> _Work required_
All of the data must be written out verbatim, with pictures excluded.

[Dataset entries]
::::::::::

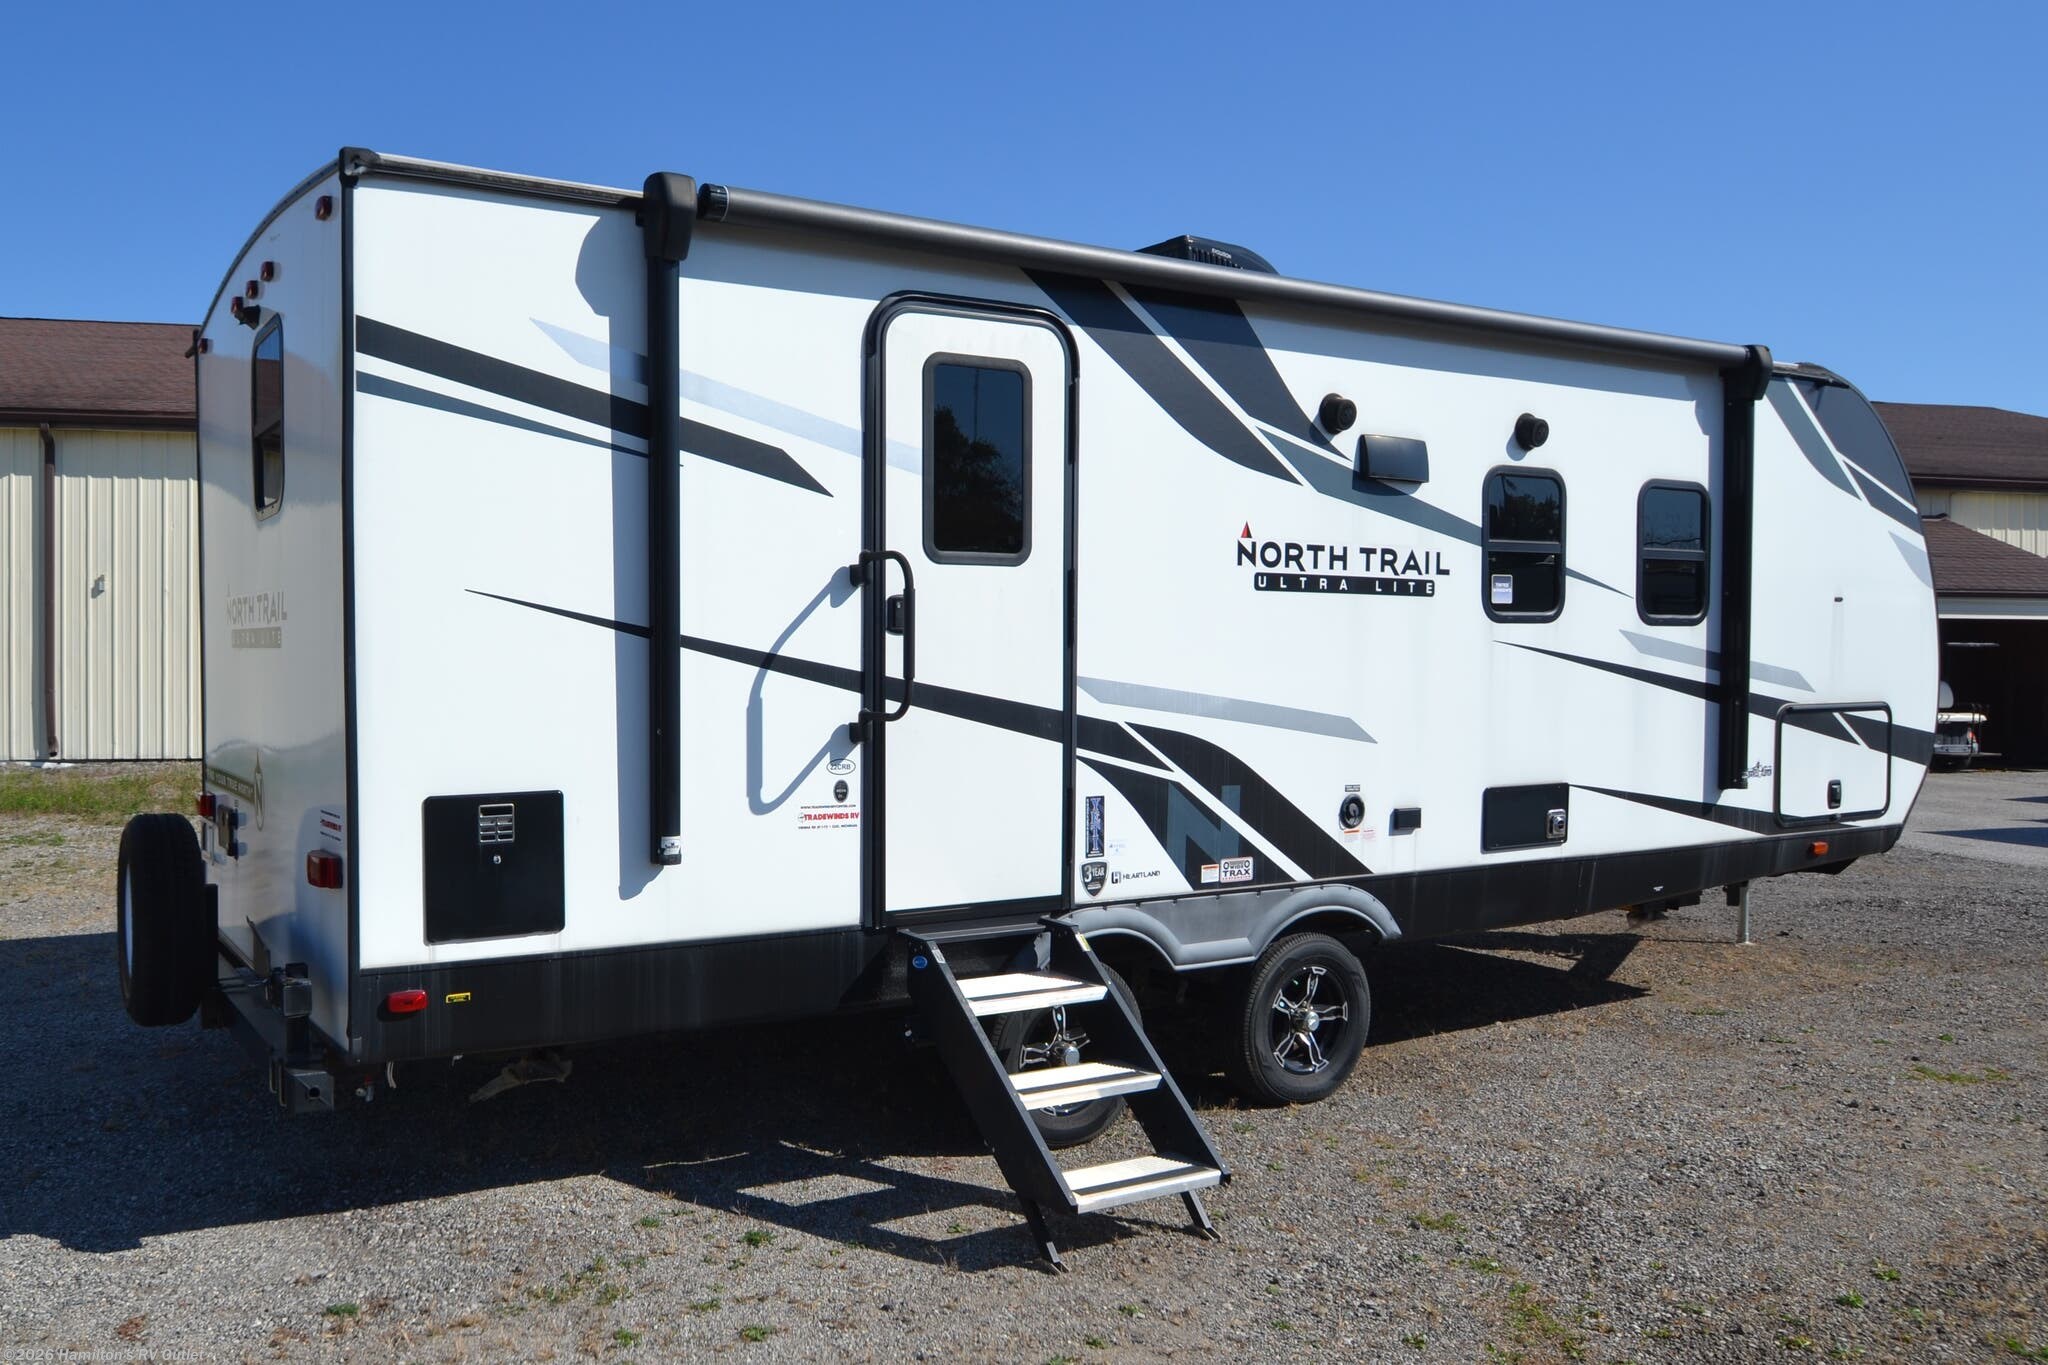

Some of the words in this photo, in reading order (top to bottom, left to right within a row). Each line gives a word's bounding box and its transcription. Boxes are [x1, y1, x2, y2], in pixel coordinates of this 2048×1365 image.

[1237, 539, 1348, 572] NORTH
[1359, 546, 1450, 576] TRAIL
[1257, 575, 1349, 591] ULTRA
[1375, 579, 1434, 594] LITE
[226, 594, 255, 627] NORTH
[256, 591, 287, 624] TRAIL
[1083, 865, 1092, 882] 3
[1091, 866, 1105, 877] YEAR
[1122, 870, 1161, 880] HEARTLAND
[1222, 869, 1250, 877] TRAX
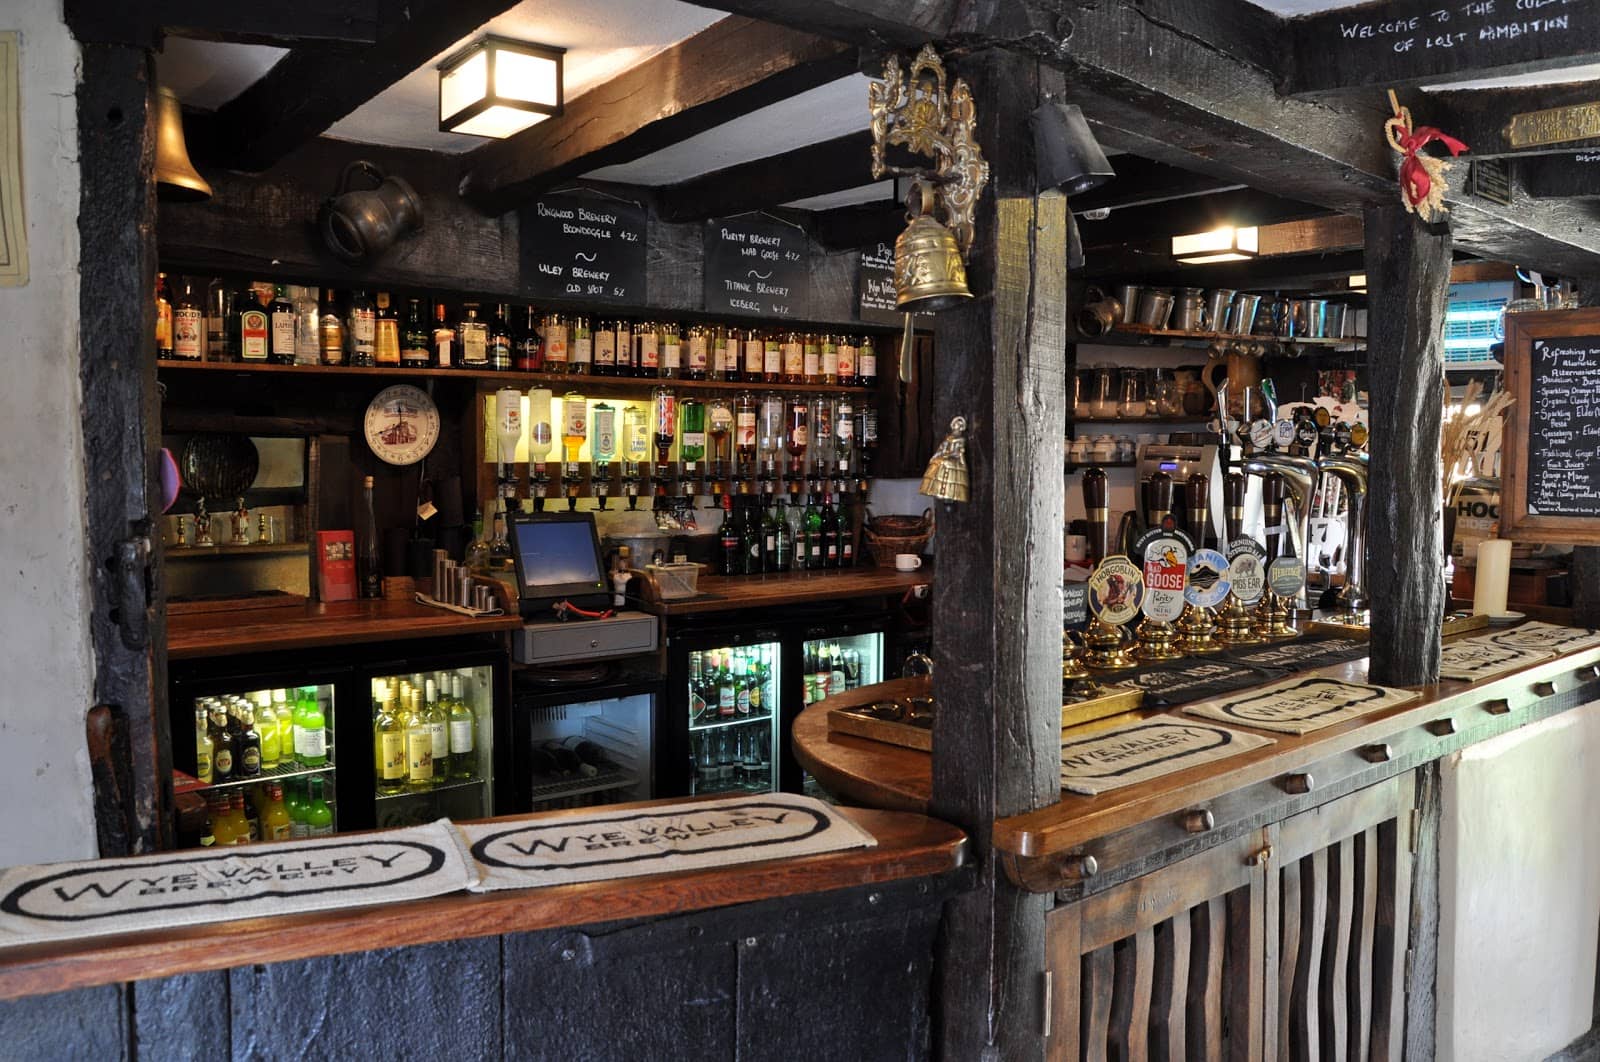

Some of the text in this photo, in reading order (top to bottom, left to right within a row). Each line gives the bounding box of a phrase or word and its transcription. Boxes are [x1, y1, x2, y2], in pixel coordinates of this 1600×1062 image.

::::::::::

> _Written response_
Some of the words in this photo, in reading order (top to bottom, left to right within a row). Each line gives a word's bounding box and its transcription. Boxes are [x1, y1, x2, y2], in pixel coordinates of this 2048×1365 image.

[1237, 539, 1348, 572] NORTH
[1359, 546, 1450, 576] TRAIL
[1257, 575, 1349, 591] ULTRA
[1375, 579, 1434, 594] LITE
[226, 594, 255, 627] NORTH
[256, 591, 287, 624] TRAIL
[1083, 865, 1092, 882] 3
[1091, 866, 1105, 877] YEAR
[1122, 870, 1161, 880] HEARTLAND
[1222, 869, 1250, 877] TRAX

Some of the text in this photo, in reading order (top to bottom, left to right within a row). Each line gives the bounding box of a phrase or word and its transcription. Boxes are [x1, y1, x2, y2], in pixel coordinates of this 1600×1062 image.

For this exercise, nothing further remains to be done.